Oemig et al vs. Town of Lowell et al (not recommended for publication)

The Town of Lowell, in Dodge County undertook a road construction project.  As is very typical, they apparently hired an engineering company, and a construction company, and the project was designed and constructed.  The Oemigs, neighboring property owners, sued the Town, the engineering company, the construction company, and the construction company’s insurance company for various claims of damage to their property allegedly caused by the road project.  (The first lesson here is that when someone wants to sue someone, it is often a scatter gun approach – sue everyone you can think of and see if anything sticks).

The Town had a “business owners” insurance policy with Rural Mutual Insurance.  However, this insurance policy contained a “professional services” exclusion.  Essentially, the gist of the court case was that if the Town “constructed” the roads, then the insurance company would defend them, but since the Oemigs’ allegations against the Town were based on the fact that the Town “negligently approved the design of the project,” the insurance company had no duty to defend the Town.  Negligently construct the road = duty to defend.  Negligently approve the design of the road = no duty to defend.

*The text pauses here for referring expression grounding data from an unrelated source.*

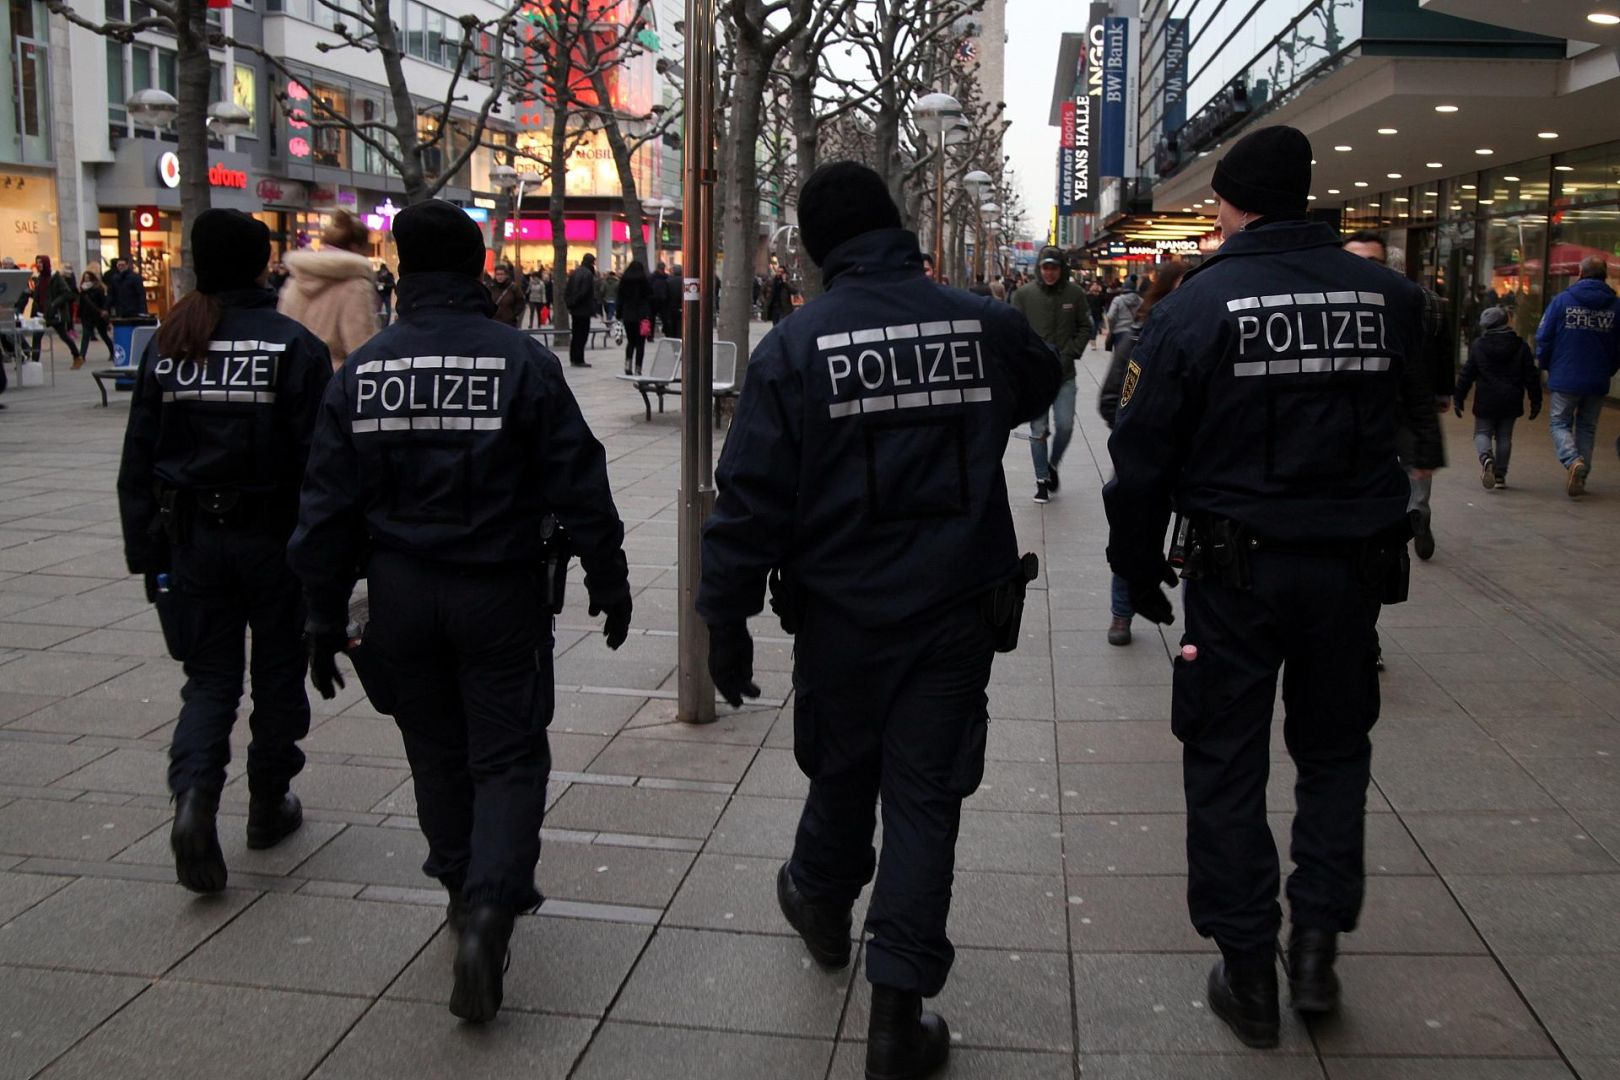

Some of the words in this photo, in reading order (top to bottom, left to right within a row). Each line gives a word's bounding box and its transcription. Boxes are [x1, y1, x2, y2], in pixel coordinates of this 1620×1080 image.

[1088, 24, 1105, 96] NGO
[1106, 23, 1124, 68] Bank
[1106, 74, 1122, 103] BW
[1063, 110, 1075, 147] sports
[1076, 95, 1090, 147] HALLE
[208, 162, 248, 189] afone
[1063, 148, 1073, 206] KARSTADT
[1074, 149, 1089, 201] YEANS
[15, 219, 39, 235] SALE
[1156, 240, 1198, 250] MANGO
[1237, 311, 1387, 355] POLIZEI
[1565, 313, 1615, 329] CREW
[154, 355, 280, 386] POLIZEI
[826, 340, 985, 396] POLIZEI
[356, 374, 500, 414] POLIZEI
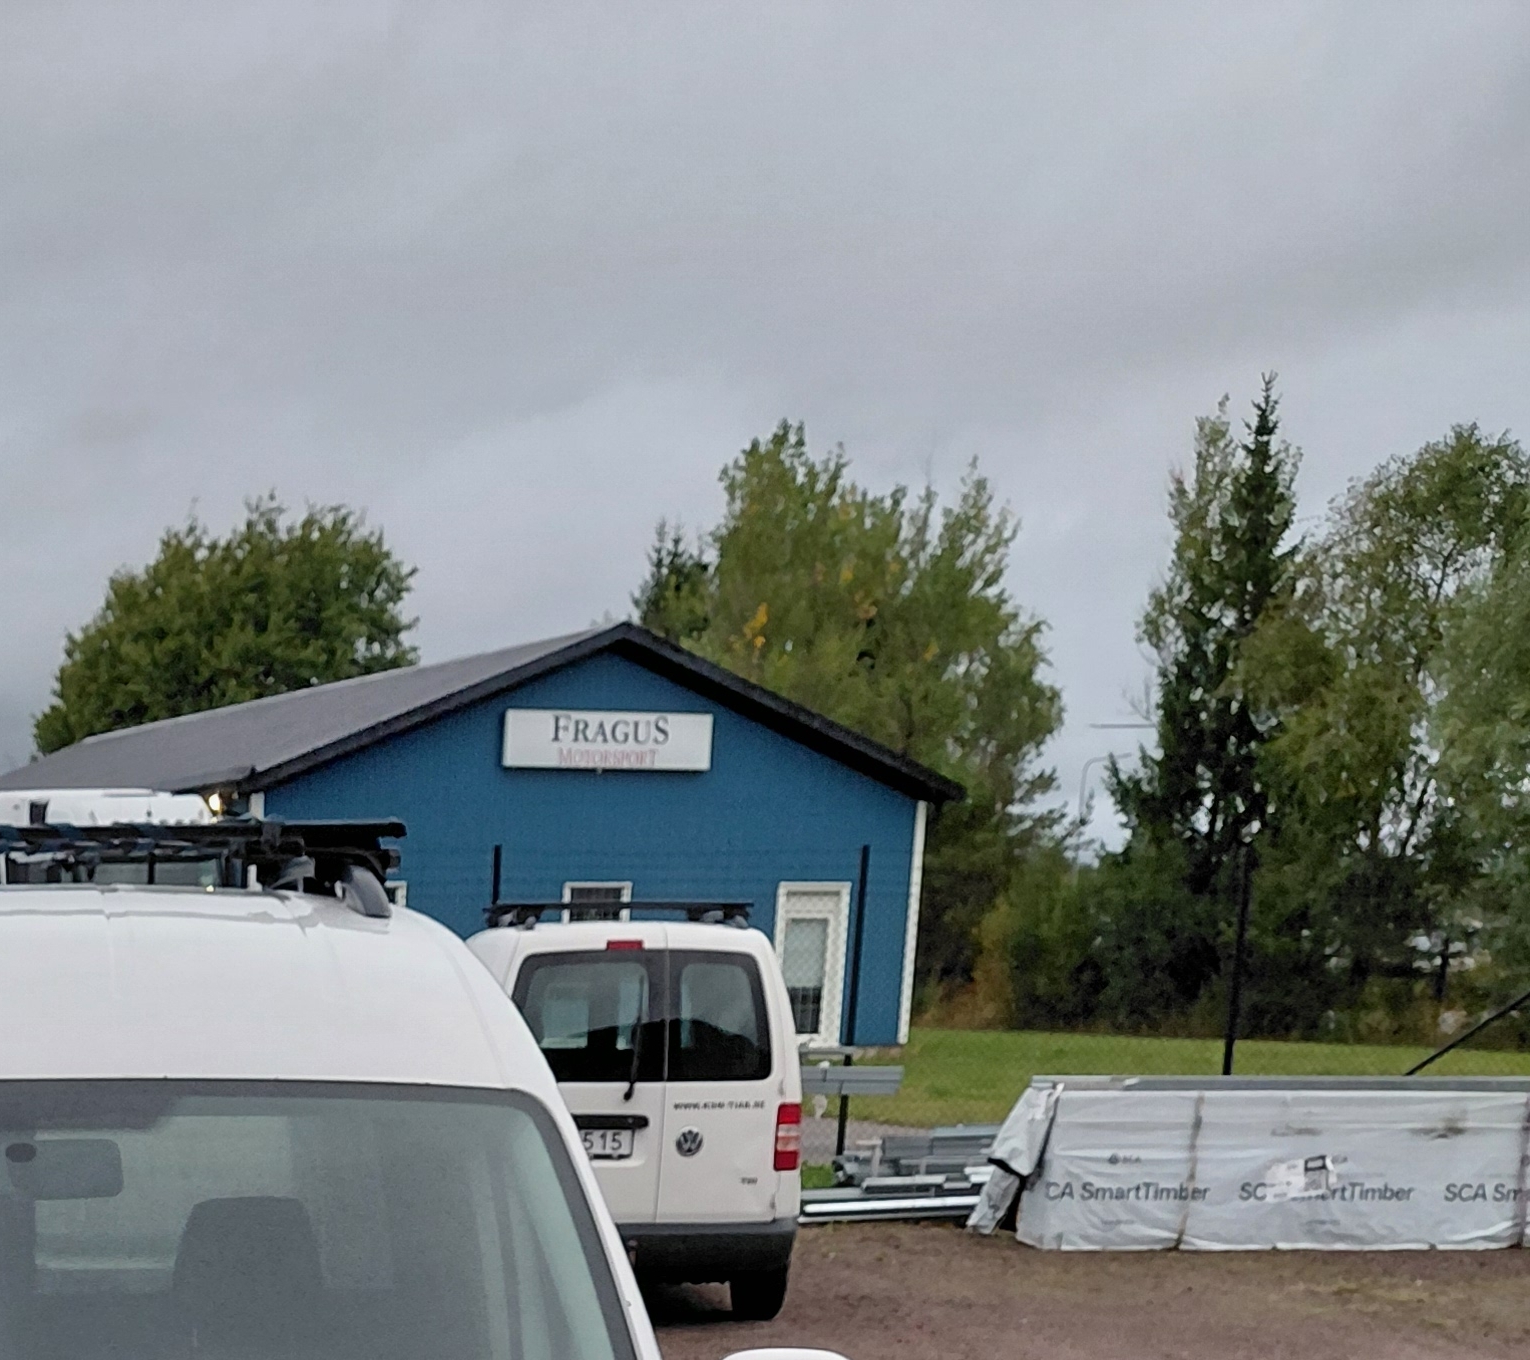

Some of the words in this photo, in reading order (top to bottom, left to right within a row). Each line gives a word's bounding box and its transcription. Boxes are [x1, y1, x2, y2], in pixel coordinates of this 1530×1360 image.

[551, 714, 670, 745] FRAGUS
[558, 747, 659, 767] MOTORSPORT
[582, 1131, 622, 1150] 515
[1080, 1181, 1210, 1201] SmartTimber
[1444, 1183, 1487, 1202] SCA
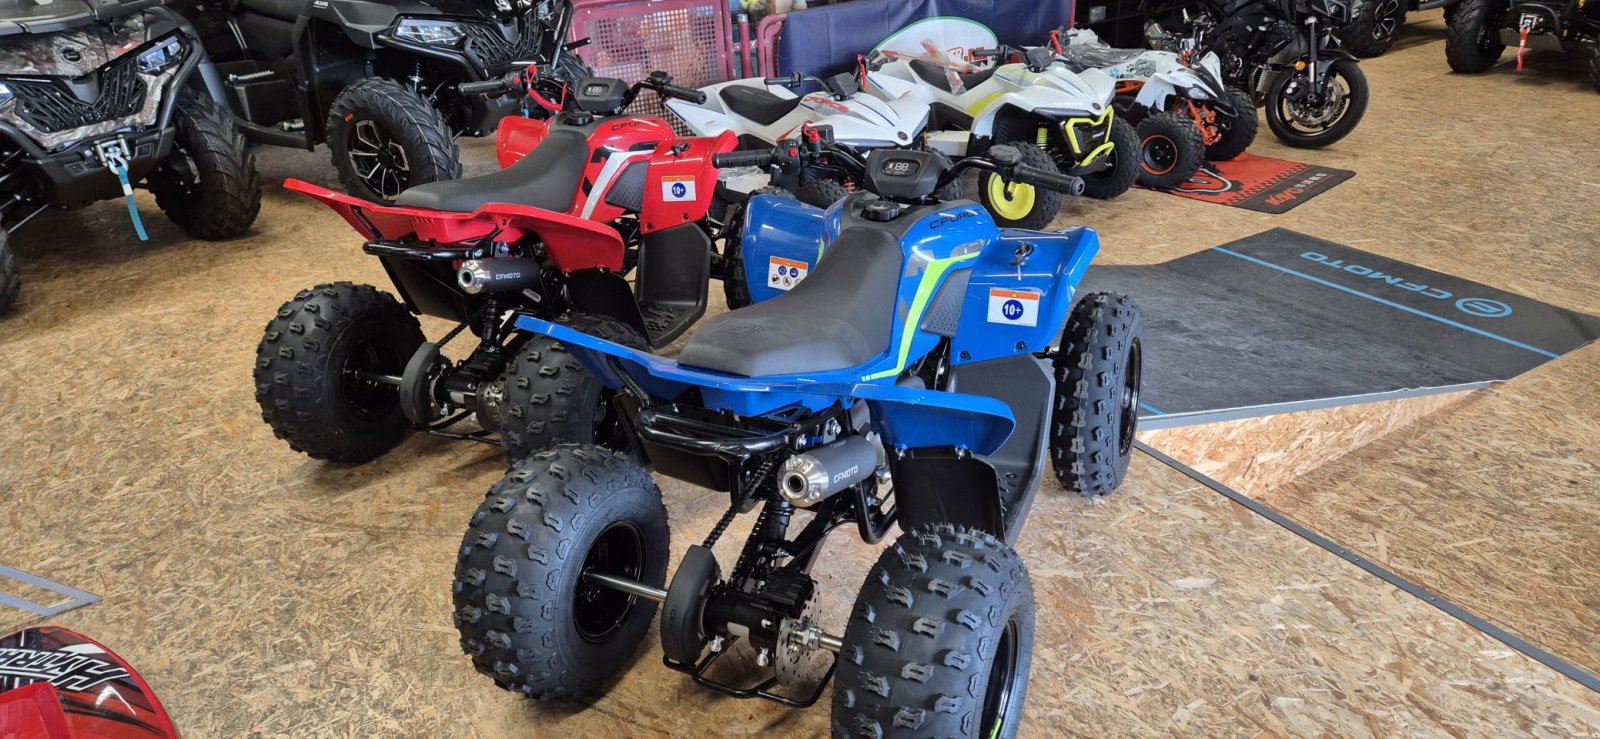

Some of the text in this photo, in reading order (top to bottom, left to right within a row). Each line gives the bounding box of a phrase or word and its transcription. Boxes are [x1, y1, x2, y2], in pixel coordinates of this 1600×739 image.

[672, 185, 685, 195] 10+
[495, 272, 521, 280] CFMOTO
[1300, 251, 1454, 300] CFMOTO
[1003, 304, 1022, 316] 10+
[833, 465, 859, 484] CFMOTO
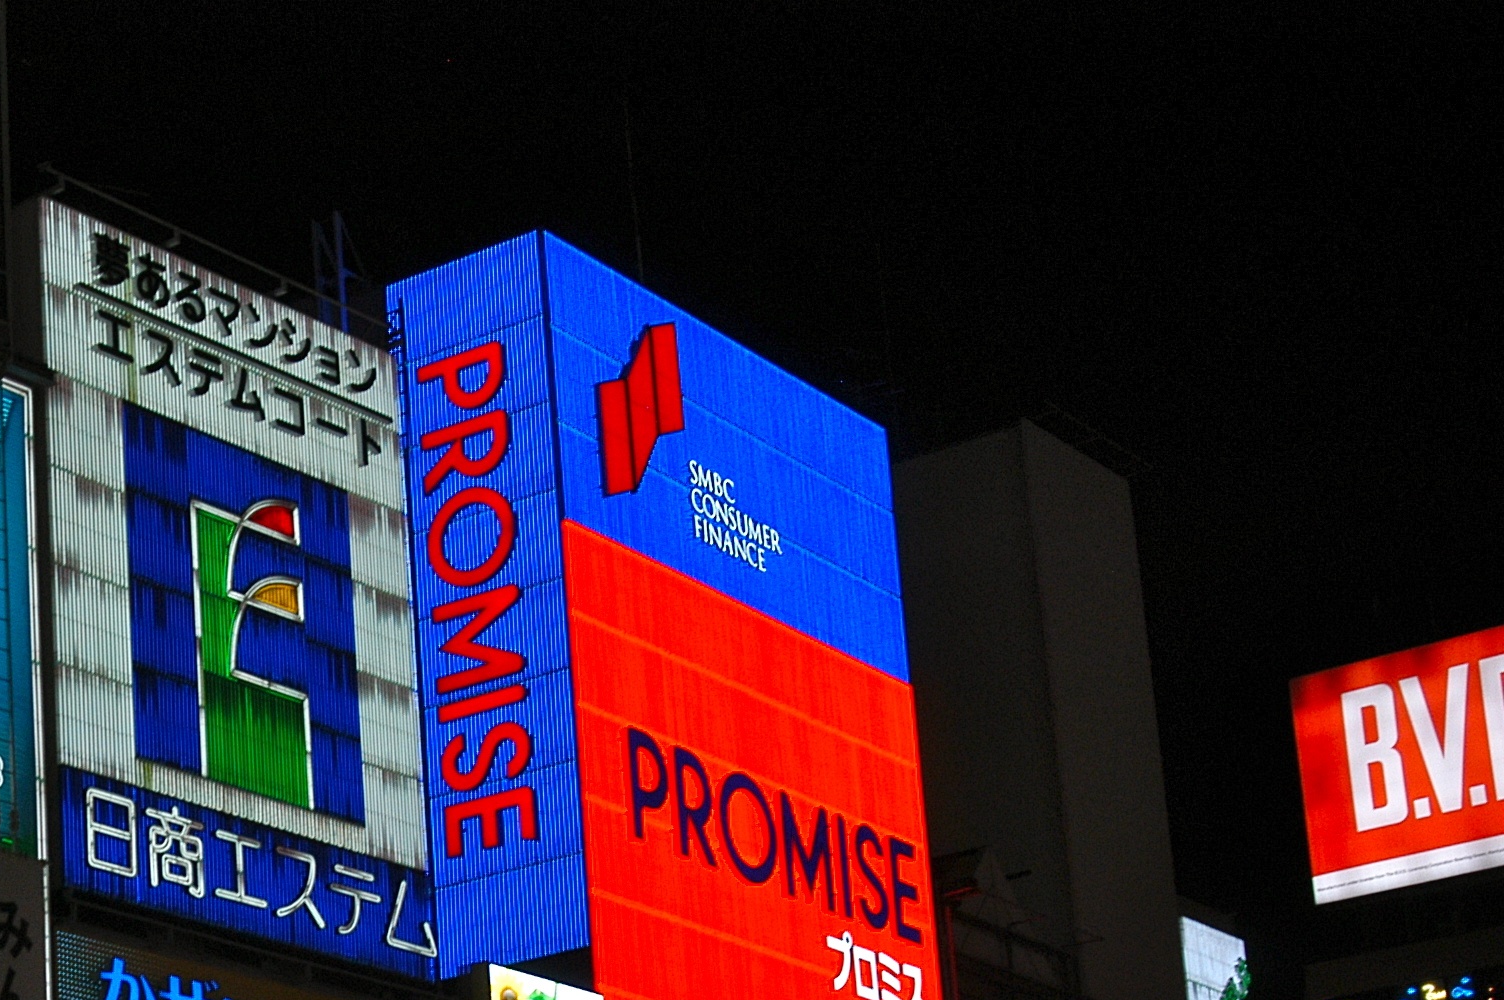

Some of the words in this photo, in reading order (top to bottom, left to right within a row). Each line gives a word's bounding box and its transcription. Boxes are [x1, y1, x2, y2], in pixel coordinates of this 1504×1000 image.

[88, 233, 379, 393] 夢あるマンション
[99, 309, 383, 469] エステムコート
[689, 459, 736, 504] SMBC
[691, 487, 783, 555] CONSUMER
[694, 513, 767, 572] FINANCE
[417, 340, 538, 860] PROMISE
[86, 785, 439, 960] 日商エステム
[626, 726, 926, 948] PROMISE
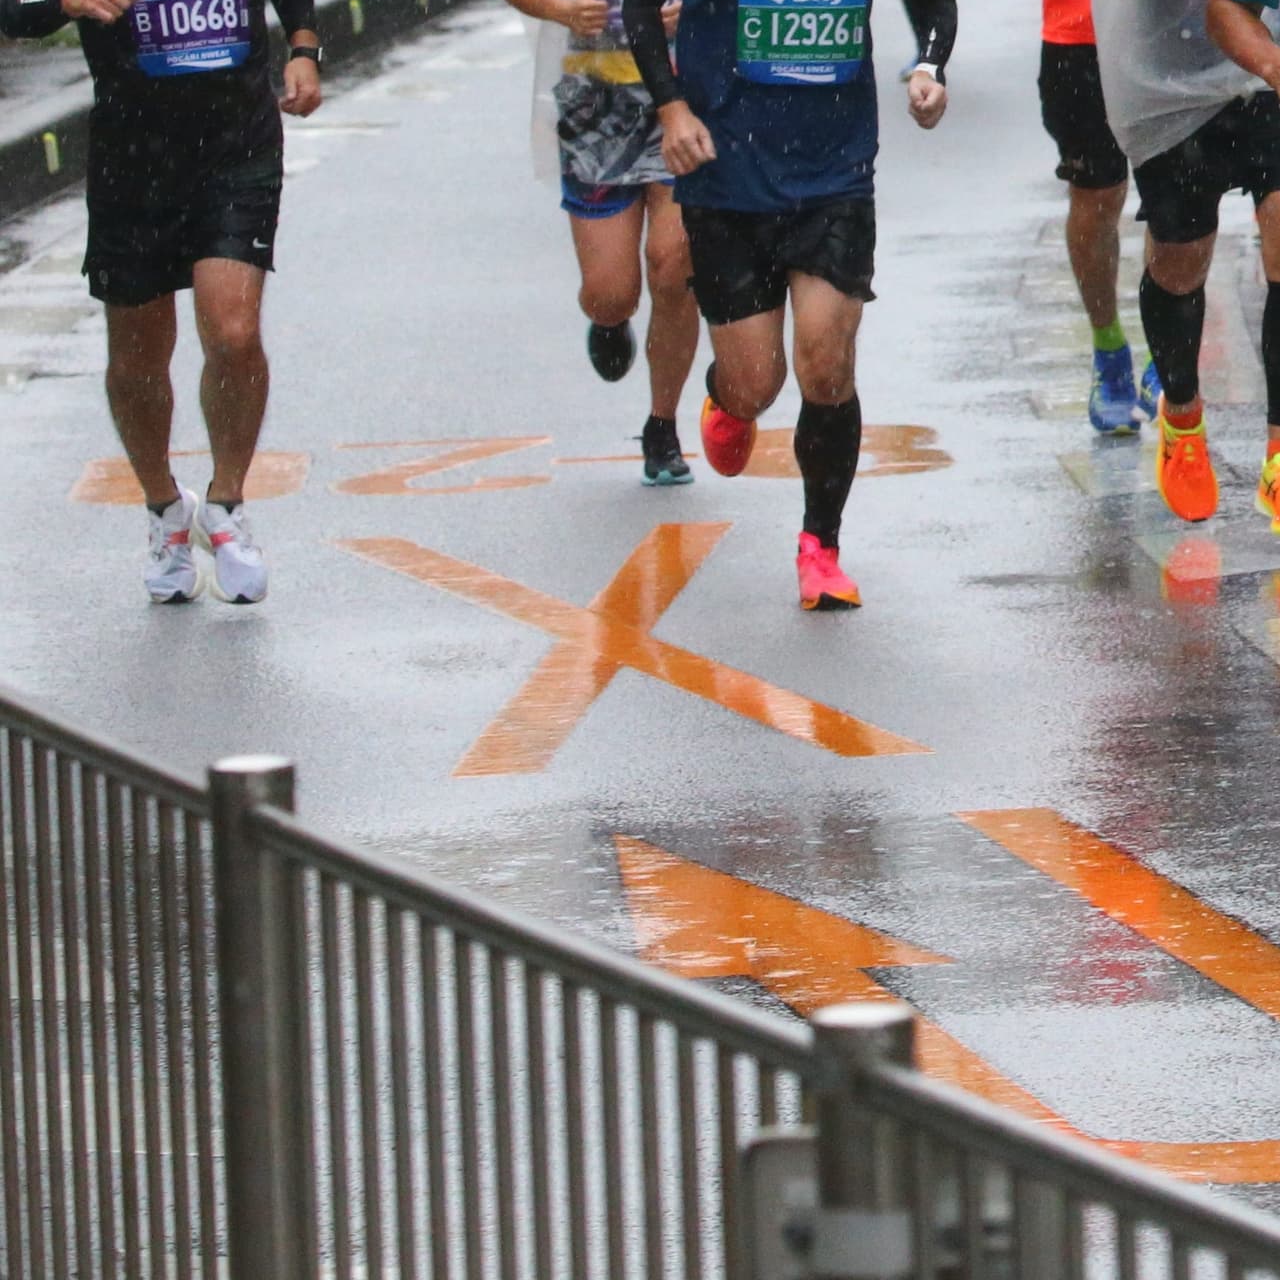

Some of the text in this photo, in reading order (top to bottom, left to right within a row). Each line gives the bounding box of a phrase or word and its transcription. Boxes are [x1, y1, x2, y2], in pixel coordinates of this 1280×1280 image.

[136, 12, 152, 33] B
[743, 11, 850, 46] C 12926

The circuit court found that the Oemigs’ claim against the Town was based on the “negligent design” not negligent construction.  The appeals court affirmed.  To be sure, the Oemigs were also making claims based on the actual construction of the project, but not, apparently, against the Town, only against the construction company and maybe the engineering company.  Thus the narrow holding in this appeals case was that Rural Mutual Insurance does not have to defend the Town against allegations of negligent design of the project.  It appears the litigation will continue, with the Town paying the bill for its defense.